内容(「BOOK」データベースより)
世界の内に生きて「ある」とはどういうことなのか。20世紀哲学の開拓者たちが深めてきたこの問いを、レヴィナスは捕虜収容所というギリギリの状況下にあって出発点から問い直した。フッサールやハイデガーの思想にいち早く透徹した理解を示しつつも、つねに批判的な参照項として、ギリシャ以来の合理主義と手を切った地点から新たな展望を開いてみせる。非人称的な「ある」ことが、「私」として「実詞化」され、糧を求め、他者に出会い、夜一人目醒め、芸術や神に関わる…。レヴィナス初期の主著にして、アウシュヴィッツ以後の哲学的思索の極北を示す記念碑的著作。

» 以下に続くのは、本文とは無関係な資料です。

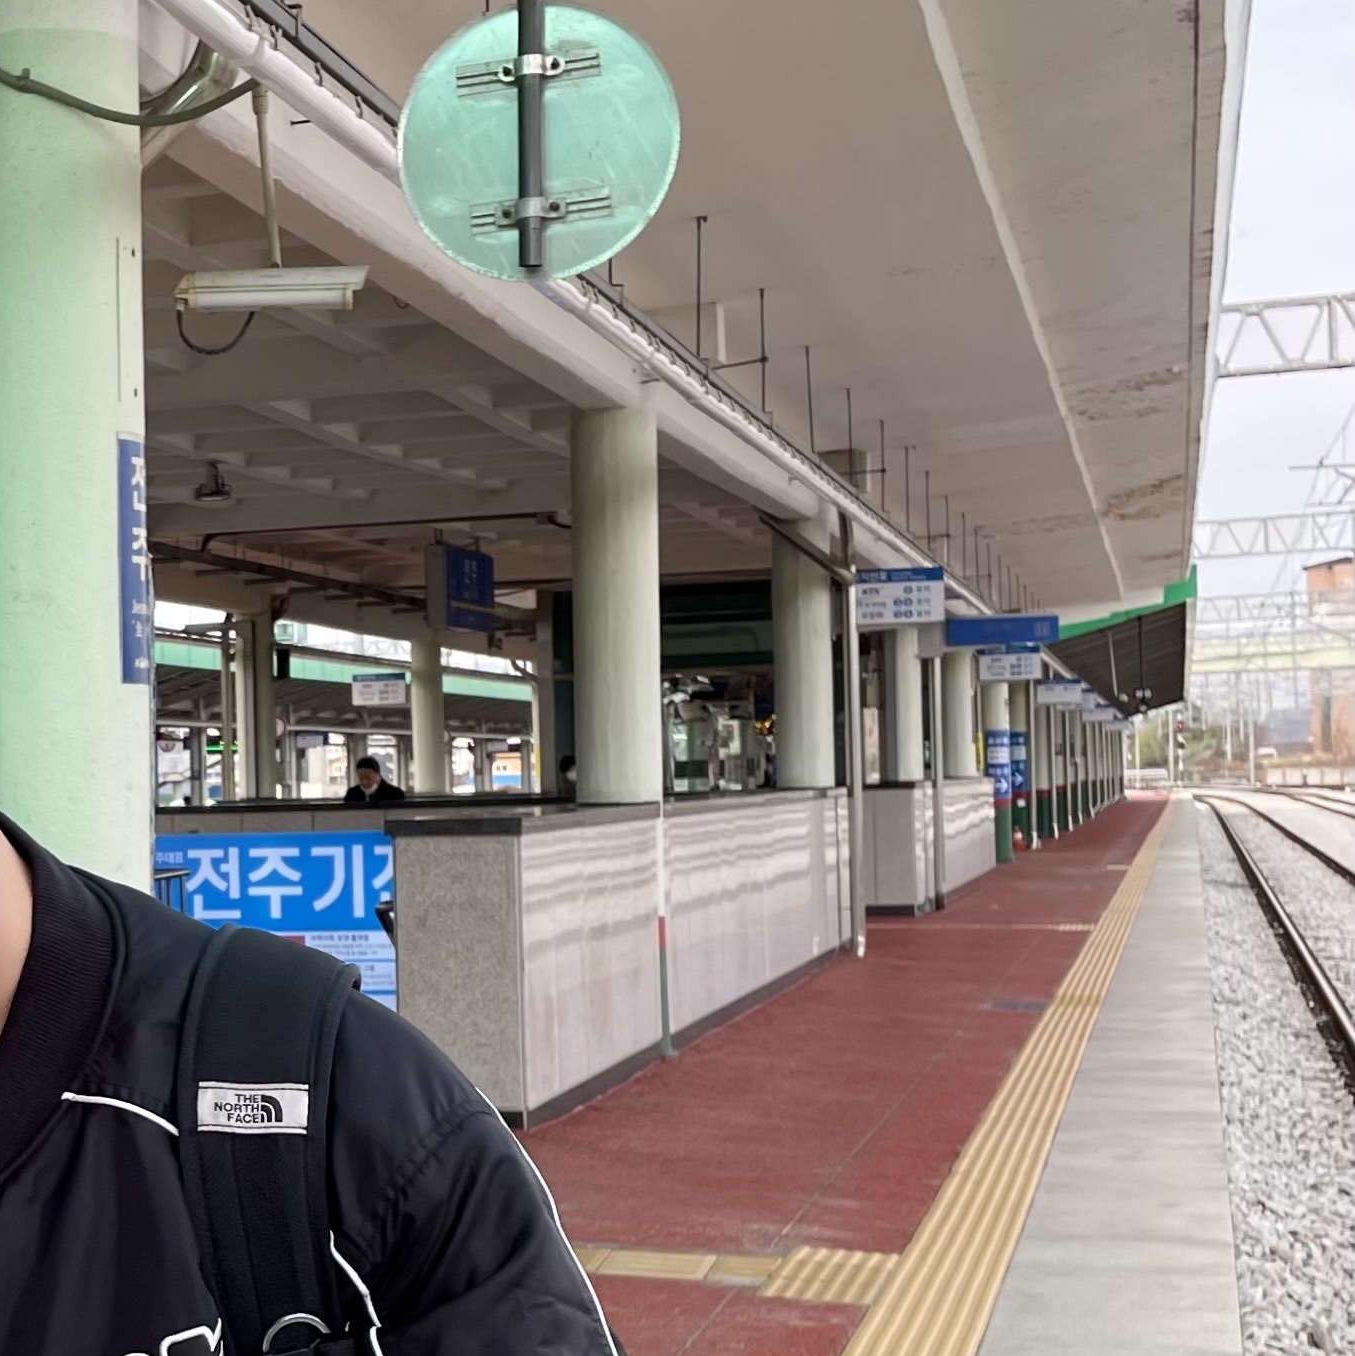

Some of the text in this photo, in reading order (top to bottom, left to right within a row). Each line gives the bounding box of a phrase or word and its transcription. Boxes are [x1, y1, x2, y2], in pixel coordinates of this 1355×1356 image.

[235, 1093, 261, 1104] THE
[213, 1101, 261, 1114] NORTH
[226, 1112, 261, 1124] FACE
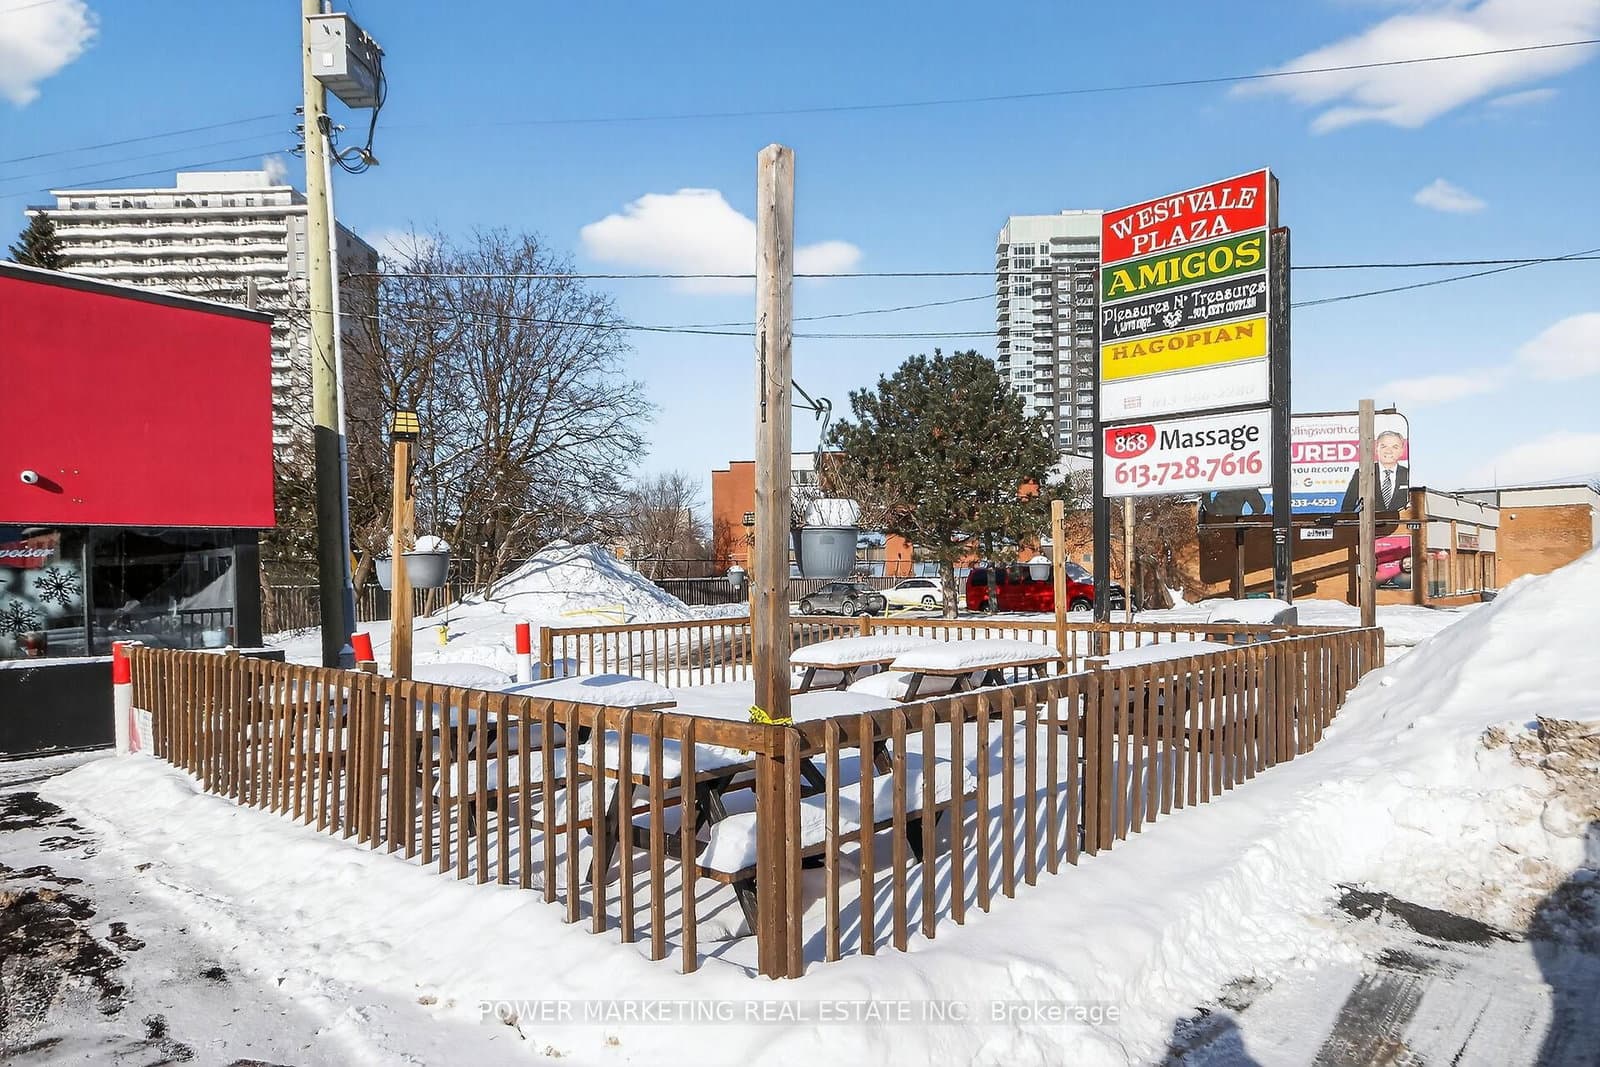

存在は「悪」なのか―。
著者紹介
【E・レヴィナス】
1906年リトアニア生まれのユダヤ人哲学者。フッサールとハイデガーに現象学を学び、フランスに帰化。ポワチエ、パリ・ナンテール、ソルボンヌ各大学の教授を歴任。邦訳書に『超越・外傷・神曲』『時間と他者』『実存の発見』『全体性と無限』など多数。1995年12月25日没。
【西谷修】
1950年愛知県生まれ。東京大学法学部卒業。東京都立大学仏文科修士課程修了。現在、明治大学院大学教授。著書に『不死のワンダーランド』(講談社学術文庫)、『戦争論』『夜の鼓動にふれる』、訳書にナンシー『無為の共同体』、バタイユ『〈非―知〉閉じざる思考』などがある。